Trena: In participatory research, the arts and collective expression are important pieces. Ana Raquel, the plays and animations your students have created about native bees, the important and urgent messages they have constructed about why the wetlands are so important to our lives—these collaborative processes become really engaging teaching tools for others, and they help your students coalesce around urgent local environmental issues that are important to our community. All the songs and raps students compose for these events, the puppets they figure out how to construct in order to help tell the story—allow your students to embody the learning. This facilitates even deeper understanding.
Ana Raquel: Artists are not celebrated enough in the academic world. When we are assigning class jobs and I ask which students want to be the class artists for our research projects, there is always a sigh of relief. When we sit down to write scripts or raps because the children just learned that bees are a keystone species and that they want to protect bees, the voices and brilliance of students who are often not heard in more traditional learning settings emerge strong and clear.
Trena: It is important for students to be in conversation about their learning with experts. Dr Gretchen LeBuhn has been collaborating in your classroom with students since 2011! It is amazing to have a local environmental scientist make that kind of commitment to a learning community! That collaboration has brought so much knowledge and empowerment to students across the school.
Ana Raquel: This moment is an opportunity to educate young people in a unique way. Let’s line up global climate change and pollution experts in the field and have them present research directly to students via Zoom. Let’s not wait for articles and books to be written—let’s get students a direct pipeline to urgent information now. When we intentionally put dynamic activists, scientists, artists, designers, and fired-up teachers who are people of color on the mic, young people will see themselves in the future of this work.
As veteran educators, we propose to reframe this moment as an age of invention, with our students leading the way. Today’s generation of students will have a unique ability to create radical change, to break from systems that have oppressed their learning for too long, that have abused our earth and natural systems without care. We believe our students will become the solutionaries we have been waiting for.

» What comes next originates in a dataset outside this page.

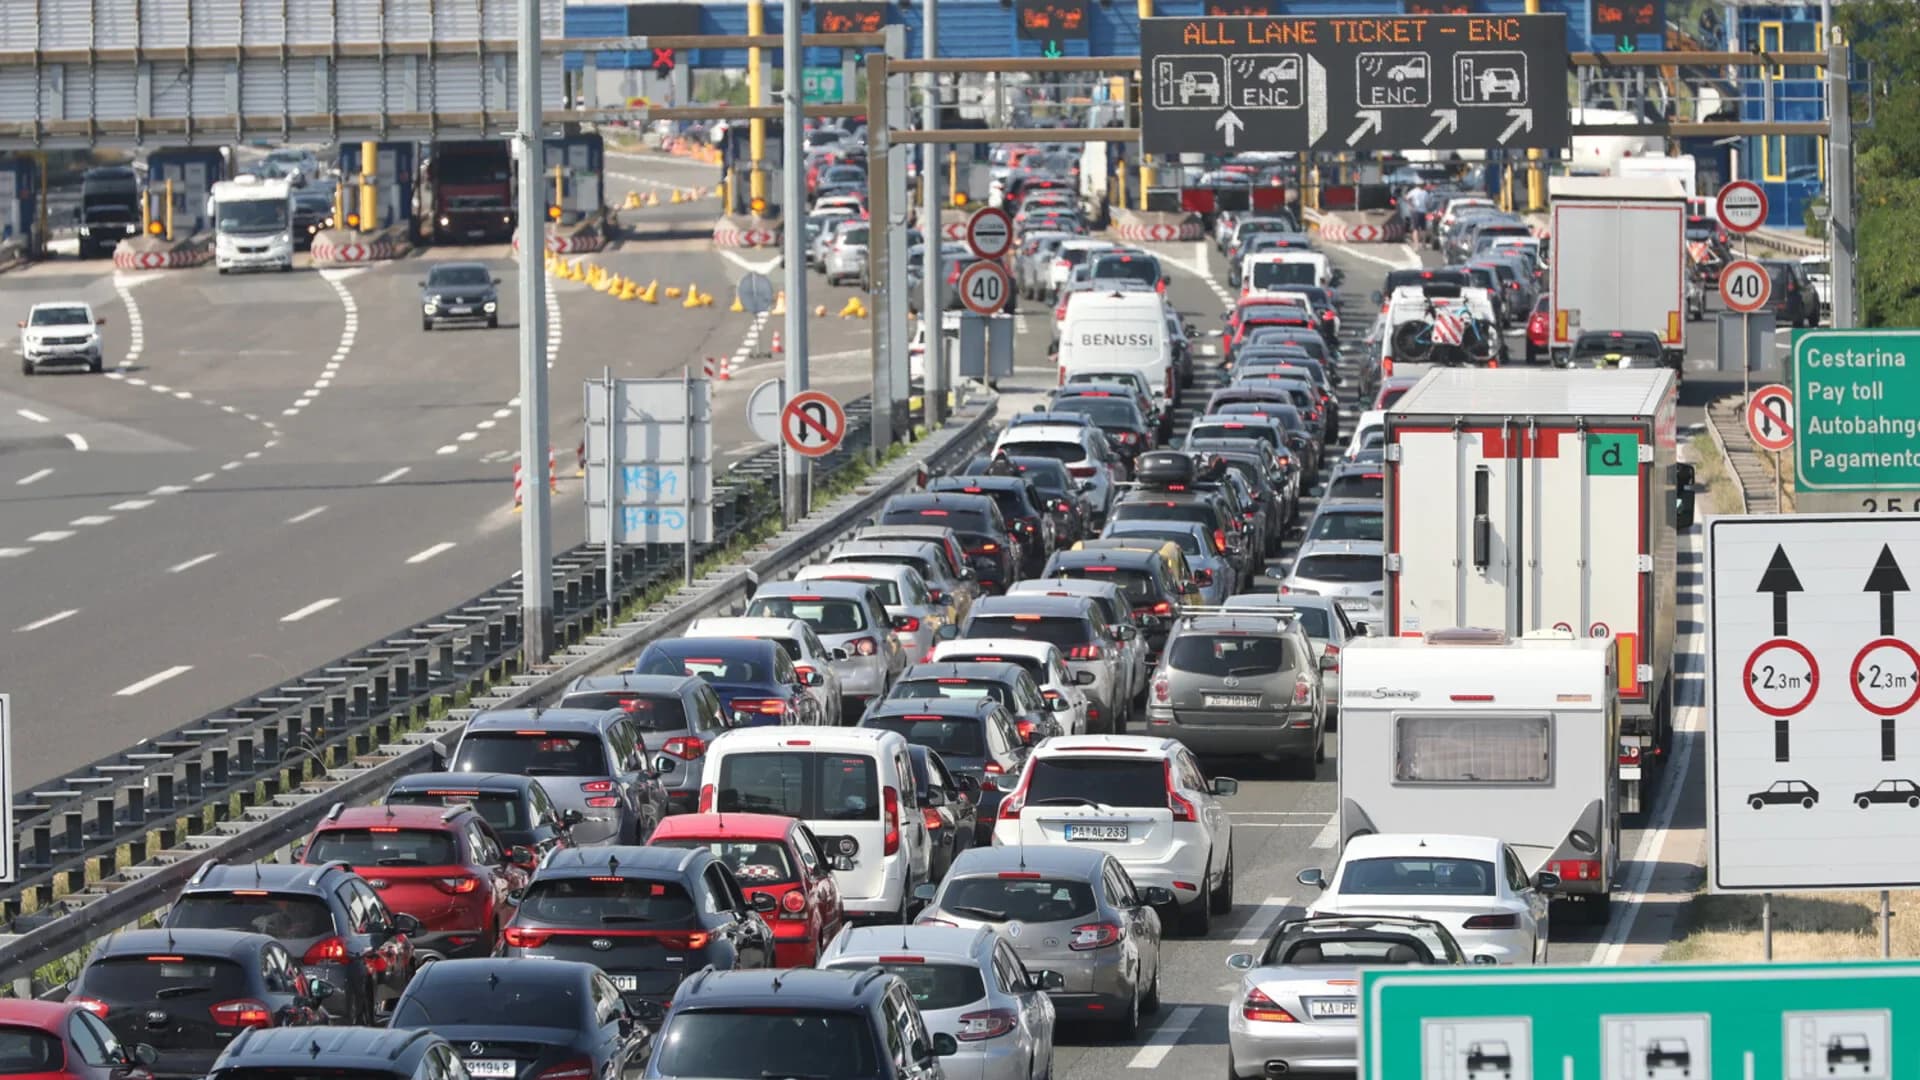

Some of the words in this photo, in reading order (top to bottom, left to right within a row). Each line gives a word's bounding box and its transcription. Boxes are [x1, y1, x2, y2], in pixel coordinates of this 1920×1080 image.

Let’s create change now by trusting them and lifting up their brilliance. Let’s go!
2 Responses
Hi. I just wanted to give a shout out to the Marine Science Institute (MSI) in Redwood City, who owns the Robert G. Brownlee Research Vessel. I first learned of MSI when my then kindergartener took a field to their facility. As a chaperon parent, I was extremely impressed. The Marine Science Institute has been educating San Francisco Bay Area students about the environment through a Marine Science lens for some 50 years. From school field trips out on the bay and tide pool discovery classes to researching the the SF Bay sloughs by using canoes to an enriching summer camp, MSI has something for every age group of our community….young and old! Check it out at http://www.sfbaymsi.org and start learning about the importance of our local environment, it’s habitats and creatures today! And check out my favorite fish, the Starry Flounder!
I love that this work combines art, science and environmental justice. It’s awesome that you encourage students to engage in this manner and that they demonstrate talents that may not show up in a more traditional classroom setting.